• Your instructions
Reproduce the lines below exactly. Skip images.

• Free-text object descriptions
☆ ☆ ☆ ☆ ☆ ☆ ☆

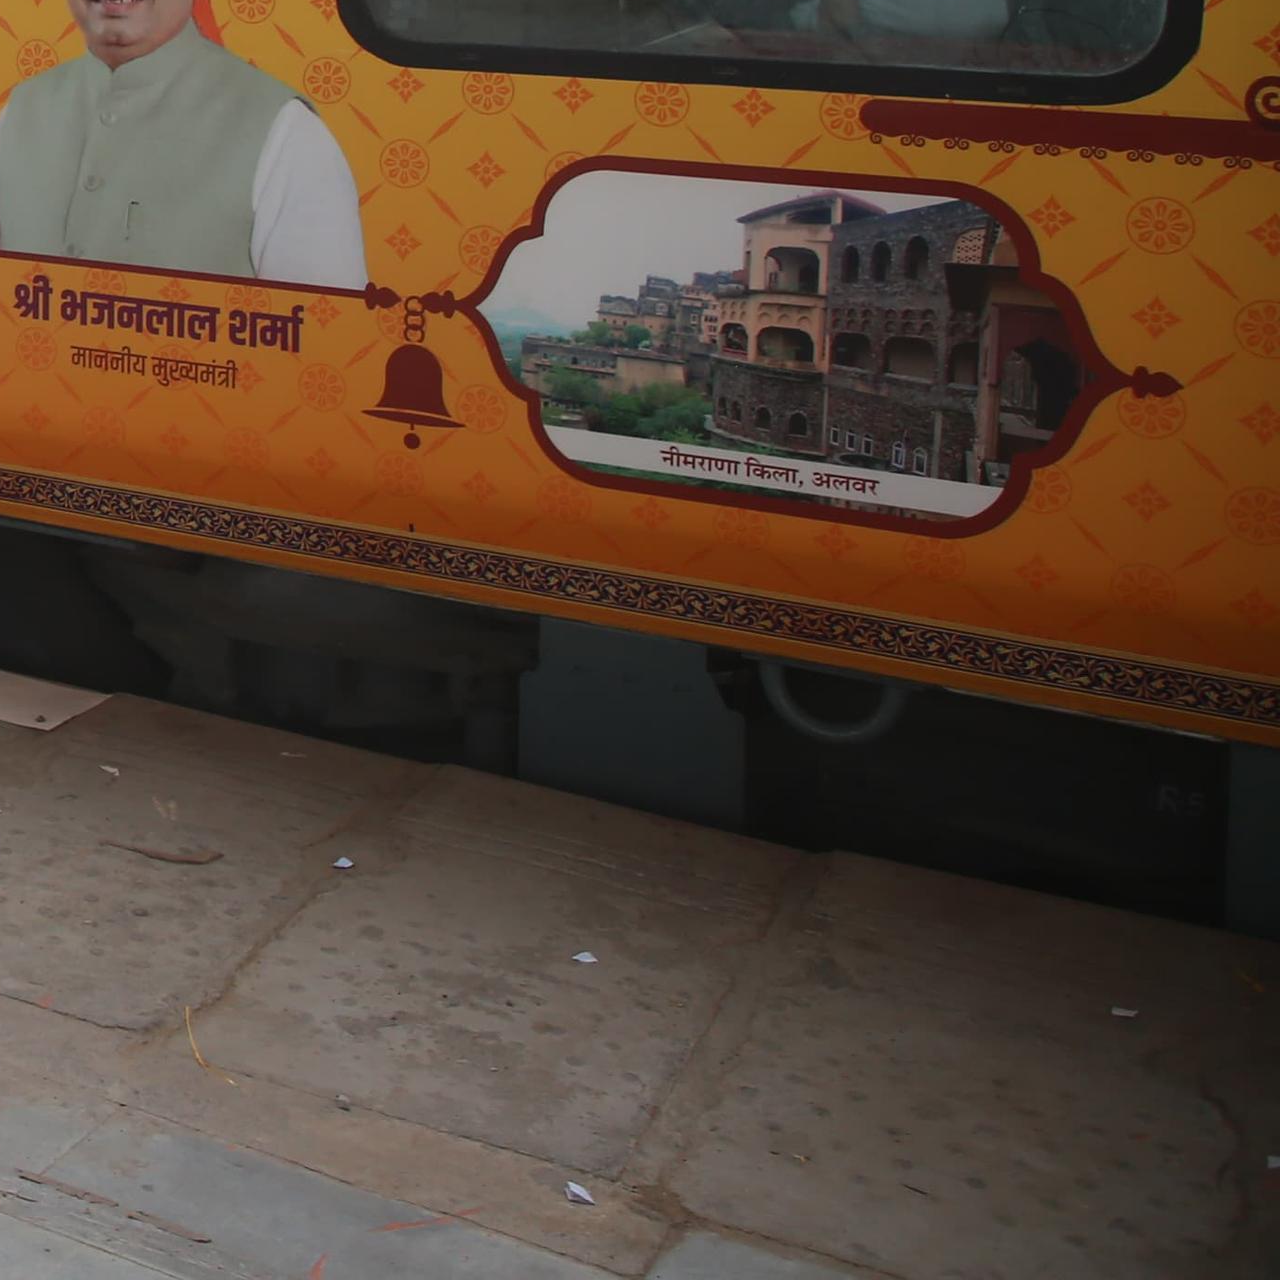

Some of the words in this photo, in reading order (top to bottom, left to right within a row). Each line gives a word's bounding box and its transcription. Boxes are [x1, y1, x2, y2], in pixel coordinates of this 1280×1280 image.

[13, 275, 53, 321] श्री
[60, 288, 220, 342] भजनलाल
[228, 305, 305, 353] शर्मा
[70, 345, 148, 377] माननीय
[151, 356, 239, 389] मुख्यमंत्री
[660, 446, 741, 477] नीमराणा
[744, 457, 804, 489] किला,
[811, 470, 880, 498] अलवर
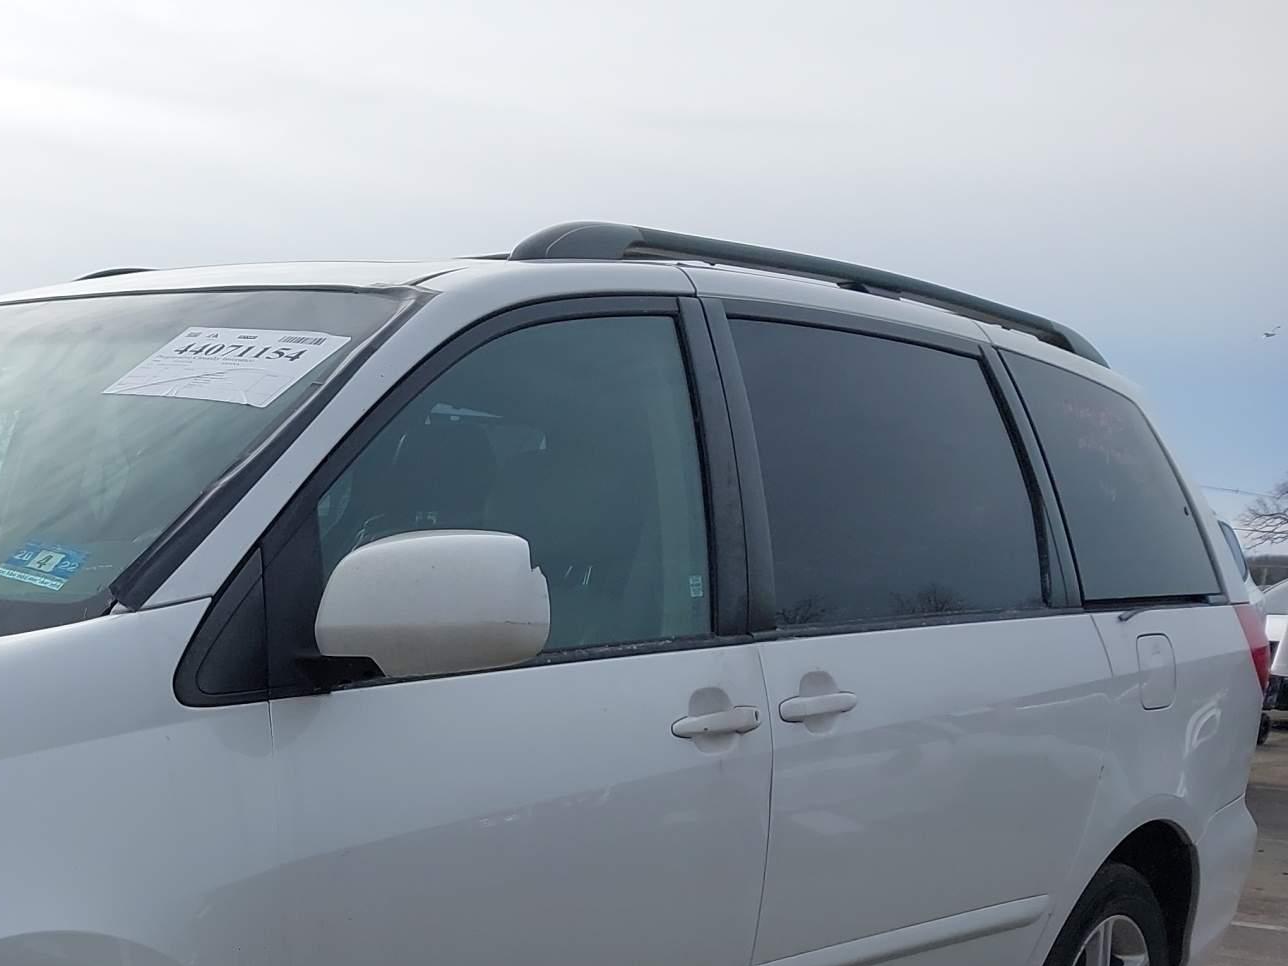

☆ ☆ ☆ ☆ ☆ ☆ ☆

• Written answer
Some of the words in this photo, in reading order (top to bottom, left to right within a row). Each line gives a word's bounding box and its transcription. Boxes are [x1, y1, x2, y2], in pixel coordinates of this 1280×1280 image.

[13, 275, 53, 321] श्री
[60, 288, 220, 342] भजनलाल
[228, 305, 305, 353] शर्मा
[70, 345, 148, 377] माननीय
[151, 356, 239, 389] मुख्यमंत्री
[660, 446, 741, 477] नीमराणा
[744, 457, 804, 489] किला,
[811, 470, 880, 498] अलवर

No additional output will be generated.